Ireland Here I Come!
I am finally on the road. Thanks to everyone who came to see me off from Steampunk on Saturday morning. From old school friends to neighbours to new friends and even the Alfa Club, it was great to see you all there. And a special thank you to the Steampunk himself, Michael.
It was pretty tough to say goodbye to everyone and everything I knew, to throw myself into a world of uncertainty, and hit the road. There have been points over the last week that thoughts of Steampunk, Il Postino, my fireplace, my parents, my dogs and my bed could almost make me cry, and think, what the hell have I done? who’s idea was this? (It was mine) I think if I’ve learned anything in the last week, it’s that perhaps I have lived too softly, and not drank deep enough of life’s simple pleasures…

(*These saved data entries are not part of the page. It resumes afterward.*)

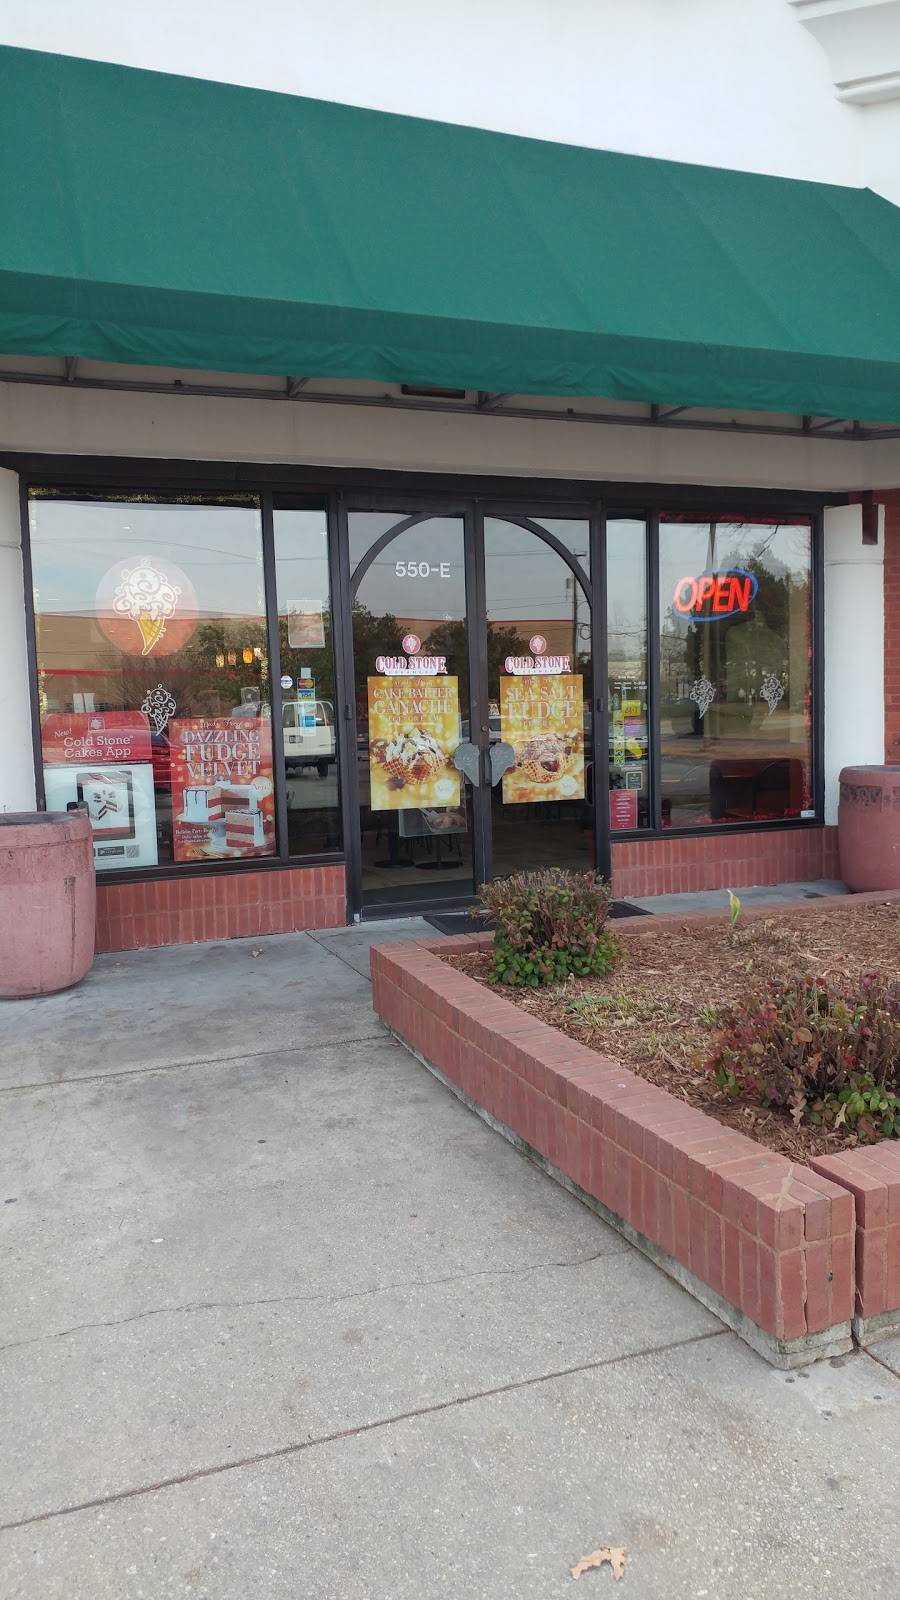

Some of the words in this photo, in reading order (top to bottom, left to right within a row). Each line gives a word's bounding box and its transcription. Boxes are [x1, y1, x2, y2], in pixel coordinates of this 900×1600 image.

[395, 561, 451, 578] 550-E
[673, 575, 751, 612] OPEN
[375, 656, 407, 673] COLD
[408, 656, 447, 673] STONE
[505, 656, 534, 673] COLD
[535, 656, 571, 673] STONE
[507, 700, 578, 719] FUDGE
[54, 728, 72, 738] New!
[63, 736, 94, 747] Cold
[183, 729, 260, 744] DAZZLING
[63, 747, 103, 758] Cakes
[106, 746, 132, 758] App
[183, 742, 261, 762] FUDGE
[184, 760, 261, 778] VELVET

My first day took me to Johannesburg, the economic heart of Africa. At first it was terrifying to be in the chaotic traffic (1 hour for 3km) but I came to appreciate the shady avenues and the fact that anything I could possibly want, was right there. I stayed with old family friends who had a roaring fire place and a friendly dog. That helped. I also got to see an old and favourite teacher of mine, who I hadn’t seen since I was in the 10th grade (history class for the win).

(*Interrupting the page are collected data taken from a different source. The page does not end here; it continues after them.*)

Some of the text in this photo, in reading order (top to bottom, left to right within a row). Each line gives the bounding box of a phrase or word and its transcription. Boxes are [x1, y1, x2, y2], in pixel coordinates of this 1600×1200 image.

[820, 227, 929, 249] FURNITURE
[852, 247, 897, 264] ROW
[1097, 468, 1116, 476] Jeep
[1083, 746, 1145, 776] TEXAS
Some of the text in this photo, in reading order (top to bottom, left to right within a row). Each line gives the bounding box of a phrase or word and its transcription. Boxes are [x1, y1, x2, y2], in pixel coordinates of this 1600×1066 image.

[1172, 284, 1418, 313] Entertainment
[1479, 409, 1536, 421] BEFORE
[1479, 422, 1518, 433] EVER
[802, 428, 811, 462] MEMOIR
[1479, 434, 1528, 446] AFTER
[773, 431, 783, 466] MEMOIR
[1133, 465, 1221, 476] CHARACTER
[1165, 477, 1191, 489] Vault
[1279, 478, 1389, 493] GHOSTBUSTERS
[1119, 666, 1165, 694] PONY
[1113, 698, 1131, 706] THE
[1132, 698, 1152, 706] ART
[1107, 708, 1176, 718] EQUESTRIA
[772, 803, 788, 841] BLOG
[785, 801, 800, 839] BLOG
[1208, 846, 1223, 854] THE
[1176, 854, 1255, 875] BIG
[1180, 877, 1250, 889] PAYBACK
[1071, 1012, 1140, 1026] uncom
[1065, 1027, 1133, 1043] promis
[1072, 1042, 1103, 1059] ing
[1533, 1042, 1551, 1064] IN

On my way out of Johannesburg I stopped for fuel at an old Sasol garage, and there was, of all things, an Avro Shackleton on the roof. It’s Pelican 23 from the SAAF, from 1959. I have always been fond of these planes, when I was a child Pelican 17 lived at Midmar Dam, and I was fond of it, so I like to seek out these planes when I can. There are only 12 left in the world.

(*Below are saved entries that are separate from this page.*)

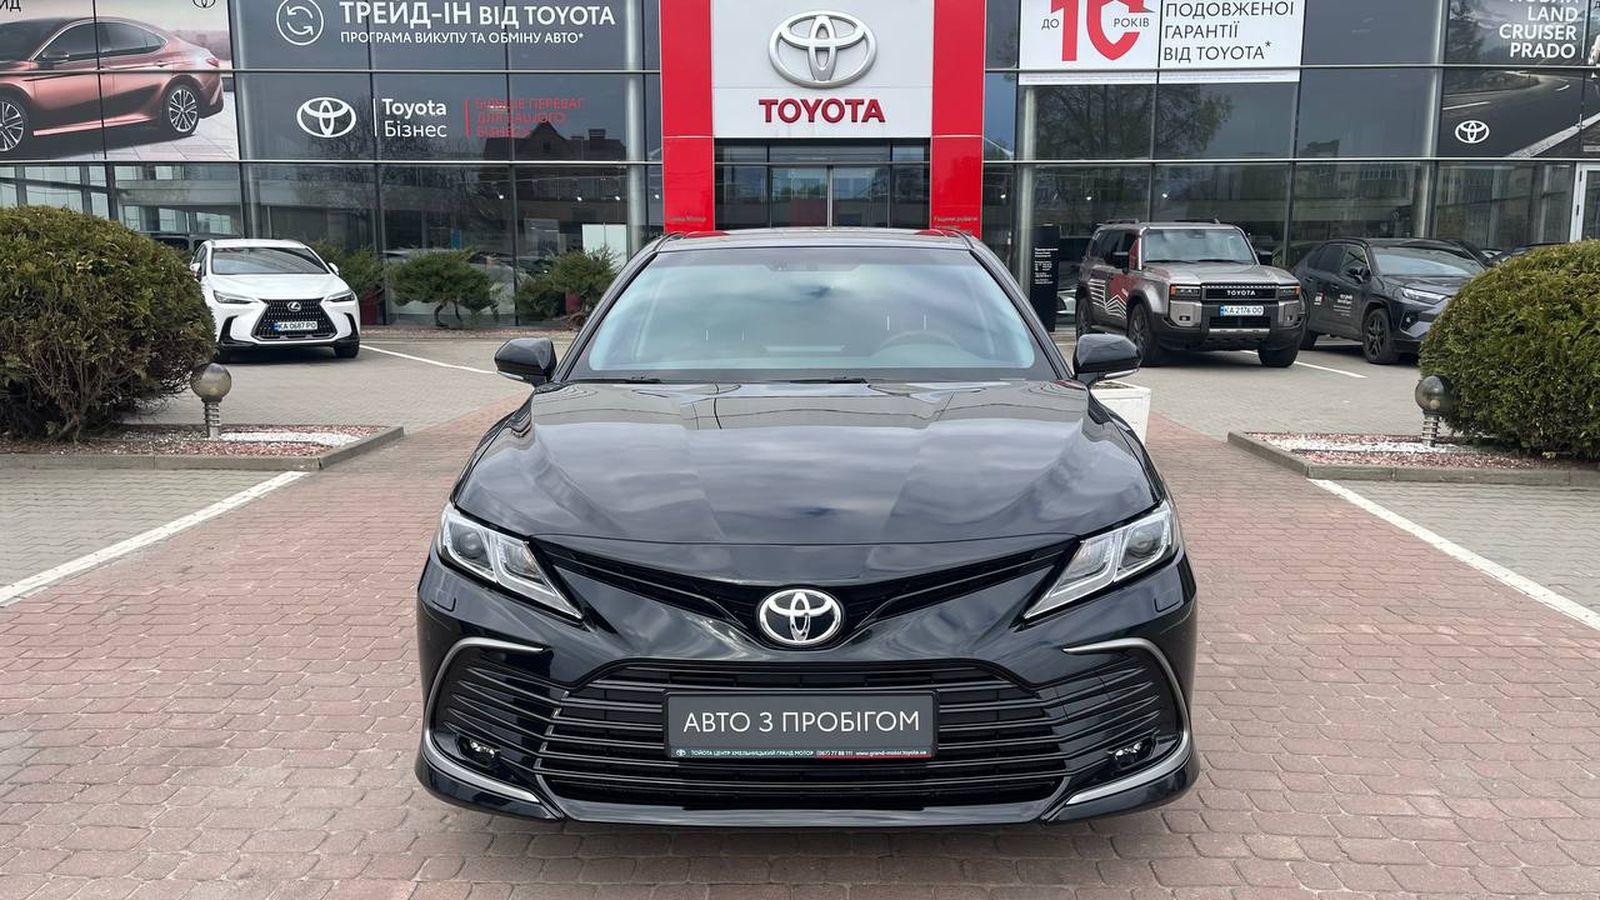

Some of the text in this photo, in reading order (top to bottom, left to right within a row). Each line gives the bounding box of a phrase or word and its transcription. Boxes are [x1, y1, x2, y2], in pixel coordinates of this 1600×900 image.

[479, 6, 519, 29] ВІД
[523, 6, 616, 25] TOYOTA
[1527, 6, 1578, 21] LAND
[1041, 19, 1060, 30] ДО
[1113, 17, 1150, 28] РОКІВ
[1165, 21, 1240, 39] ГАРАНТІЇ
[1499, 24, 1577, 40] CRUISER
[340, 31, 412, 43] ПРОГРАМА
[415, 31, 468, 43] ВИКУПУ
[470, 32, 486, 43] ТА
[488, 31, 541, 43] ОБМІНУ
[1164, 46, 1191, 63] ВІД
[1510, 42, 1576, 59] PRADO
[382, 98, 447, 119] Toyota
[758, 98, 886, 123] TOYOTA
[384, 120, 447, 138] Бізнес
[683, 711, 751, 733] АВТО
[782, 710, 919, 733] ПРОБІГОМ
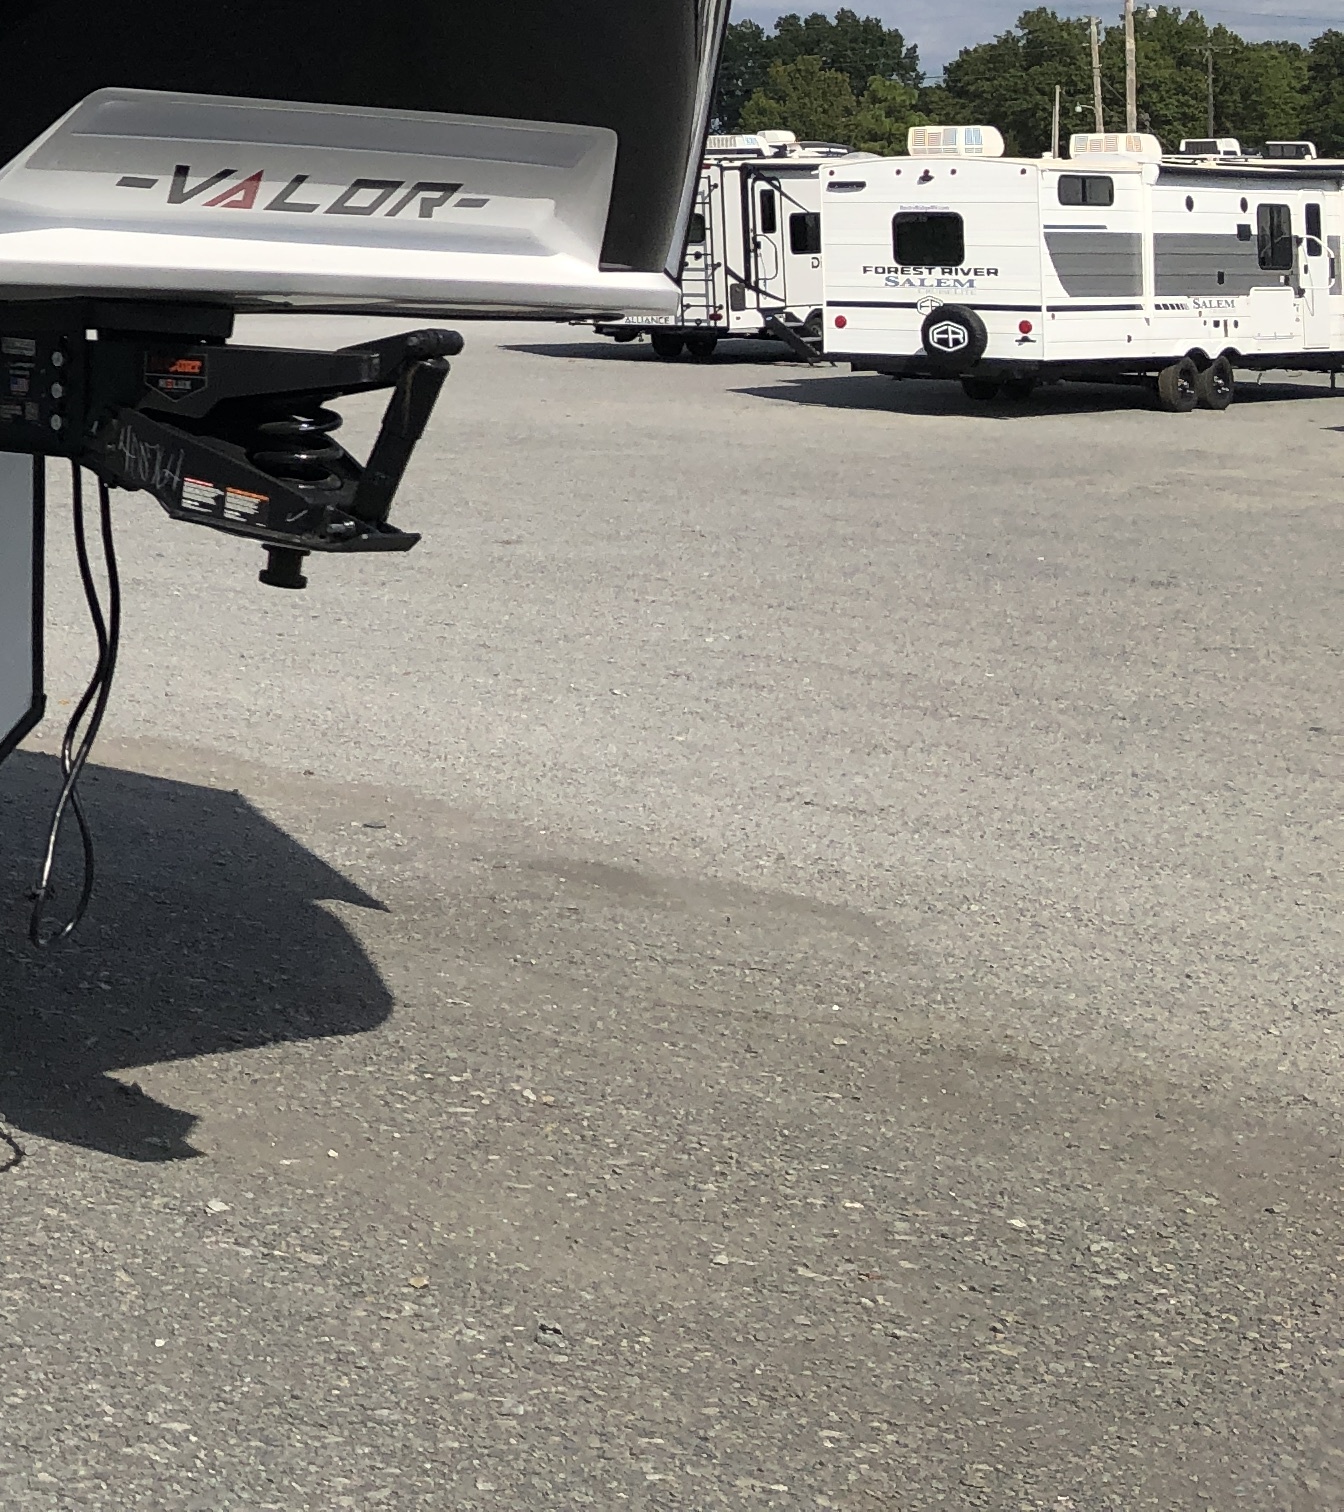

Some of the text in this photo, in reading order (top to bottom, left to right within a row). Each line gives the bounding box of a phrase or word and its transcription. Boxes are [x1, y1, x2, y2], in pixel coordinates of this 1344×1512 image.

[862, 265, 999, 277] FOREST RIVER
[624, 315, 671, 325] ALLIANCE

From Johannesburg I went to Gaborone, the capital city of Botswana. I arrived at dusk after a long drive. After crossing the border I lost all cell connectivity and my GPS then turned on me, and led me into the middle of nowhere. In the dark I found my way back to Gaborone, and to a cafe with WiFi, where I looked up the true location of the backpackers. I arrived exhausted and in the dark to a welcoming owner who put me up in a tent for two days. There I met an american teacher, and a Chinese backpacker, who had been traveling in Africa for two years. She was a wealth of knowledge. The owner also had a Humvee and a Rolls Royce, which was interesting. After two nights being out of touch I headed back to Johannesburg to take care of my cell phone situation. After a few days with friends in JHB, I had sorted my cell situation, and was feeling a little more confident. So I hit the road again, this time heading straight for Zimbabwe.
I decided not to drive the same road for a third time, and to head to Beitbridge, which I believe, was a form of temporary madness.